It is September 15th 2012; 10×10 weekend. This is the second year of 10×10; this year in the West End.
I am exploring Whitehall – square 6J. I know it so well … however, when I start exploring I realise that I hardly know it at all.
I am trying to imagine disembarking at Falmouth on 4th November 1805 – two hundred and seven years ago – and wanting, needing, the fastest way to reach London; to bring the news that Britain is now permanently safe from the threat of invasion by Sea, and that my cousin by marriage, Admiral Nelson, is dead.
I am trying to imagine taking thirty seven hours to travel the two hundred and seventy one miles to Whitehall, with twenty one changes of horses and a cost of forty six pounds, nineteen shillings and one penny. I cannot imagine it.
There was literally no faster way to carry news then. Time and space – and matter and information – all moved at the same speed; they were bonded. Now the layers of our experience have de-laminated and I wonder if our experience is thinned.
I am trying to decide what to draw.
What about Nelson on his column, with a stream of red buses, seeming to ‘pump’ towards the National Gallery; fishscale dome, pleasingly misaligned? The Duke of Cambridge looking up; his horse looking down.
Or the naked infant riding a cockle shell between two dolphins – Robert Adam at his best – on the screen in front of the Old Admiralty building, Ripley Block, where Nelson’s body lay in January 1805 ?
The handsome façade of Jones’ Banqueting House; fine Portland stone abutting cheap render flank – so straightforward, unapologetic; bearing unseen memories of Charles’ cruel death in January 1649 ?
Or the big wheel which never fails to delight and surprise; transforming the scale of the city. It makes me feel big and small at the same time; a strong presence but hardly there.
There are two bronze horseman riding towards Westminster, or the coruscating skyline of Horseguards, the ivy-covered bunker, the winged horse-fishes or the silver chested guardsman motionless except their eyes; fodder for family photo albums in all four corners of the Earth.

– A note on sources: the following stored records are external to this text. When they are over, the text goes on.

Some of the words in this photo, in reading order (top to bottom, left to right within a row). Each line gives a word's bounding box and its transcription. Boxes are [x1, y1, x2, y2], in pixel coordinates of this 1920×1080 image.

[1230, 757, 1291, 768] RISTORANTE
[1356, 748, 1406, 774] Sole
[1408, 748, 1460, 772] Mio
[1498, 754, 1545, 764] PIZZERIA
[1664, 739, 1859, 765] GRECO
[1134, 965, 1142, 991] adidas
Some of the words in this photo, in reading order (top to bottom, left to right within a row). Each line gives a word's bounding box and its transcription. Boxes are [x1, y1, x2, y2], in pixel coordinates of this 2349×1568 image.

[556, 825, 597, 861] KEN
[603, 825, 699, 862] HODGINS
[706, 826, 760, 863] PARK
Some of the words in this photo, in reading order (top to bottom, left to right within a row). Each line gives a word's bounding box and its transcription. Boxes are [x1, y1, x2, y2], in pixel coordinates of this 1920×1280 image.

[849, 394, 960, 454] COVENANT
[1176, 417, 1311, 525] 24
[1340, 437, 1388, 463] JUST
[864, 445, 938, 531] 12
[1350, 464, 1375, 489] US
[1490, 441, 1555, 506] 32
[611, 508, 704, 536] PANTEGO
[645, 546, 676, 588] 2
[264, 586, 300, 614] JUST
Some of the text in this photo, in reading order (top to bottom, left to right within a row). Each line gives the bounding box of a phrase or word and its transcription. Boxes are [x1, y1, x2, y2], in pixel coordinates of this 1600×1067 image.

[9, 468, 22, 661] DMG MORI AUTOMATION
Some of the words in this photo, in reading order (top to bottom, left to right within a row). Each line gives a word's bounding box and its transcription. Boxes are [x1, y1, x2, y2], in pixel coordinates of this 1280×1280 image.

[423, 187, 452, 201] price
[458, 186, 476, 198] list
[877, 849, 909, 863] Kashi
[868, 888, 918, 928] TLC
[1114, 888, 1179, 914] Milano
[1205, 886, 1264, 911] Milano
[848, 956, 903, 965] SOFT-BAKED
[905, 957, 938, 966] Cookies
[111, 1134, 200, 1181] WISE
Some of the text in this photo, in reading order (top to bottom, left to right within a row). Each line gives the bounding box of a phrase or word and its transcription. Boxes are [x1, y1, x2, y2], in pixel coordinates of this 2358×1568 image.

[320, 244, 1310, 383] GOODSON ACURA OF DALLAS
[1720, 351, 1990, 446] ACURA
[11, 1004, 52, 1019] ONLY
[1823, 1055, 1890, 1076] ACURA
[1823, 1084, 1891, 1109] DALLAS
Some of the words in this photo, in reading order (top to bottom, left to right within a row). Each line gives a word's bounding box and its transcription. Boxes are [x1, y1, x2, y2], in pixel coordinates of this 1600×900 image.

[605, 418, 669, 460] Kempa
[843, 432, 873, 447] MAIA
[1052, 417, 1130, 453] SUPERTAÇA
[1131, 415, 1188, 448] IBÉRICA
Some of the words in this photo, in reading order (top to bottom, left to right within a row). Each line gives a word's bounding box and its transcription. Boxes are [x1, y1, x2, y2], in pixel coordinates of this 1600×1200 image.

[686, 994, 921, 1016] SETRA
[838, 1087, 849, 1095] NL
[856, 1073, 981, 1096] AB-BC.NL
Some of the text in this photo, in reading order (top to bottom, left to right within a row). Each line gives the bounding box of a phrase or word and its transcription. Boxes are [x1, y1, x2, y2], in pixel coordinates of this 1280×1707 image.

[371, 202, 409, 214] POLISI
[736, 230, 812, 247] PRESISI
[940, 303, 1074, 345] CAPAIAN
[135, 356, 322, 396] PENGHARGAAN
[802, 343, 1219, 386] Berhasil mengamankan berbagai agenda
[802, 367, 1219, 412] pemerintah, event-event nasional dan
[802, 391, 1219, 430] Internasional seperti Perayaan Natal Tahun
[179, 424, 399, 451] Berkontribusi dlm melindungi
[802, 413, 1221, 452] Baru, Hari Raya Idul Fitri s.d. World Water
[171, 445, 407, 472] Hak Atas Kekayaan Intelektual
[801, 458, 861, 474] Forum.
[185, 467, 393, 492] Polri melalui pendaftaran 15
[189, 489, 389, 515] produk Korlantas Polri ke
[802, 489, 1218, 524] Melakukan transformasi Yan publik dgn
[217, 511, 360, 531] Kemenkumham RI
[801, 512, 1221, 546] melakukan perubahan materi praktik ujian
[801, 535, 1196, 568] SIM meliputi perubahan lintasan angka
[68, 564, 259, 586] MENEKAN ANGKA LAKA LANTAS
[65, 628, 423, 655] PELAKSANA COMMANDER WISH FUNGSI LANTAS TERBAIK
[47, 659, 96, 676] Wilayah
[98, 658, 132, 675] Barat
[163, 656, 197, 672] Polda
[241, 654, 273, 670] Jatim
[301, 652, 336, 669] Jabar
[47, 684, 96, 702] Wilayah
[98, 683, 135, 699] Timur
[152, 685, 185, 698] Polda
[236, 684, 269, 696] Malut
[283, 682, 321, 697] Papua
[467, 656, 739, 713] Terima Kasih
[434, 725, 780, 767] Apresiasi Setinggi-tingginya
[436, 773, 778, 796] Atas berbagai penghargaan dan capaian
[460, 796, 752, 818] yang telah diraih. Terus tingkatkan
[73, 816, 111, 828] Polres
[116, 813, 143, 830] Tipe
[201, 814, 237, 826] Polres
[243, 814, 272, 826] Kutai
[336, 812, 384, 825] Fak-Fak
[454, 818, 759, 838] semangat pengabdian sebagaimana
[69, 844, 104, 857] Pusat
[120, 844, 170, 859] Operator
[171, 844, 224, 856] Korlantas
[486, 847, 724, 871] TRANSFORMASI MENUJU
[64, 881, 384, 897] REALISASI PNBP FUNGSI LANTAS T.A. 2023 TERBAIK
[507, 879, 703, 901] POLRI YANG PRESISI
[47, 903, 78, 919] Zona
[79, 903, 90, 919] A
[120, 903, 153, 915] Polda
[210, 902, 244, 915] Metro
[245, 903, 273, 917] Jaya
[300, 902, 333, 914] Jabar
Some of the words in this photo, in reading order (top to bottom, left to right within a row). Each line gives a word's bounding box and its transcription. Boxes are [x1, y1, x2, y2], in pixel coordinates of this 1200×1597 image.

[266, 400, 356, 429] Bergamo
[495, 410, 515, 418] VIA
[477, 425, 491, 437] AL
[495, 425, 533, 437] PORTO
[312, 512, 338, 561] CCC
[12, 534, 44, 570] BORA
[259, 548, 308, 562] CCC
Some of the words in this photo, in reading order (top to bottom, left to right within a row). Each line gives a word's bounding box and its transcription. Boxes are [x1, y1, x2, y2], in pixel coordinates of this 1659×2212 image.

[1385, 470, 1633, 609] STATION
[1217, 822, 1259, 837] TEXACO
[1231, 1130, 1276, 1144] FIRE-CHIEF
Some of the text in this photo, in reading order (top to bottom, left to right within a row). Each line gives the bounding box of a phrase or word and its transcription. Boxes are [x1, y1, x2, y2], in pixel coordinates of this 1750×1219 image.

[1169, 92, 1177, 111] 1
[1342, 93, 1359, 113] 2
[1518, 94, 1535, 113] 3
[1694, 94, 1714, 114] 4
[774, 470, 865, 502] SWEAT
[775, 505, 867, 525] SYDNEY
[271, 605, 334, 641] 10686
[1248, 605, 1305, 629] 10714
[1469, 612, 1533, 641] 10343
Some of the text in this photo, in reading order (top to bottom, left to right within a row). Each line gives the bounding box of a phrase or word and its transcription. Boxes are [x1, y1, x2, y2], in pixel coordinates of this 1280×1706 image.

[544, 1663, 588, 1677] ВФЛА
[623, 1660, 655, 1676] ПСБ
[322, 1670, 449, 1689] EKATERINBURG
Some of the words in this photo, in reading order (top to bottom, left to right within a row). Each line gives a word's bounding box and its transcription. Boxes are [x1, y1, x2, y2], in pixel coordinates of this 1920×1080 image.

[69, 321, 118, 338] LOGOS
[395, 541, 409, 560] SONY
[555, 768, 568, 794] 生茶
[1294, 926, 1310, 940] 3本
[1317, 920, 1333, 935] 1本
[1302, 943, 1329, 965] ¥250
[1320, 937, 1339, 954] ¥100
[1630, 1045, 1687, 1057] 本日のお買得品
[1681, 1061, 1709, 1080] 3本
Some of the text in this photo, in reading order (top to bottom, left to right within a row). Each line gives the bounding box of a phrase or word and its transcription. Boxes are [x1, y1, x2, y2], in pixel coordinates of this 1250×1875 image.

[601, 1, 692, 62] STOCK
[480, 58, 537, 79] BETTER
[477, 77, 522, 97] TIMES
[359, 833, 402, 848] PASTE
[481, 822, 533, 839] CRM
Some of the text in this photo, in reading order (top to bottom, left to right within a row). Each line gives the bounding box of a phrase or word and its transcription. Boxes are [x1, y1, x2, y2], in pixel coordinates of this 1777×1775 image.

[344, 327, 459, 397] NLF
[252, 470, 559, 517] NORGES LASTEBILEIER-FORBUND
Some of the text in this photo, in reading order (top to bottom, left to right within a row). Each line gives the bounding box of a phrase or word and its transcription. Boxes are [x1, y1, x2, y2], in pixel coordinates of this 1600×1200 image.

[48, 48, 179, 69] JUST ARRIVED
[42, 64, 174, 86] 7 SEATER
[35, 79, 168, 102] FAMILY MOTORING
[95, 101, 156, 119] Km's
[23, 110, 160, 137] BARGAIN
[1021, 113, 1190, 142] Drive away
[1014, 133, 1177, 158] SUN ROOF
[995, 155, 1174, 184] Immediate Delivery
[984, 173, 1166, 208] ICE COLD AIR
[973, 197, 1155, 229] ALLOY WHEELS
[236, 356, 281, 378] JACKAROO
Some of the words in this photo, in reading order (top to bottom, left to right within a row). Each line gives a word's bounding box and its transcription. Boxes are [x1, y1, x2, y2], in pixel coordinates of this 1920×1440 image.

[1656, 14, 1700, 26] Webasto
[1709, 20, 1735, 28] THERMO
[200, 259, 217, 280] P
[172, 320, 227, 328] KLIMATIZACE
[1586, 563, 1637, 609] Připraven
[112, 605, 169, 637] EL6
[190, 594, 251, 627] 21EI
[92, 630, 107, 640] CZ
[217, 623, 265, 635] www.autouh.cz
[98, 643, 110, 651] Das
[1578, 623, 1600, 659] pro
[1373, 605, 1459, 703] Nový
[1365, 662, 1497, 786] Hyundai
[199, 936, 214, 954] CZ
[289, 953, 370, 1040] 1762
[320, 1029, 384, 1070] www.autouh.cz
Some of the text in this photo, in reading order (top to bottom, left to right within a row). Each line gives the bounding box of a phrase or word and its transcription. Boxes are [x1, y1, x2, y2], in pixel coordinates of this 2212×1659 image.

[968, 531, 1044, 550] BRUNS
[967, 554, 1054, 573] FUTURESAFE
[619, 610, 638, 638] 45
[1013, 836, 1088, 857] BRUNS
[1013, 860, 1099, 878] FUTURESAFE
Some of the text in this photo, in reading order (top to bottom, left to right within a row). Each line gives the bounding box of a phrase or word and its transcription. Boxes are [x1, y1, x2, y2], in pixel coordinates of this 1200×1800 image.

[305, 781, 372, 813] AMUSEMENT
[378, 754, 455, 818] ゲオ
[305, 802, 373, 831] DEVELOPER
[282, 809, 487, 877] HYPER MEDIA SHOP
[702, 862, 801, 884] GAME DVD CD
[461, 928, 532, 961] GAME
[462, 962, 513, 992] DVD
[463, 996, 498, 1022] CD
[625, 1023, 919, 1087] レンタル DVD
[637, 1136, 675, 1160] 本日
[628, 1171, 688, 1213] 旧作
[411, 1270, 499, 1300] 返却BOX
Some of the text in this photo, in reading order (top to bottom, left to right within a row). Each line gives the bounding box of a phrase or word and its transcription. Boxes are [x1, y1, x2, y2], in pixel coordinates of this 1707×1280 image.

There is no shortage of things to draw; shall I draw one of these ? No.
Just round the corner is the Little Yellow House in Great Scotland Yard a charming not-quite-regular doll’s house, hiding, just off Whitehall; smiling on its modest domain. It is a terraced house without a terrace.
Who lived there ? How did it come to be there ? I do not know. I think it would be nice to live there, or at least to look out from its upper windows sometime.
This is my delight; to stand and draw; and thanks to my son Noah for sharing the work.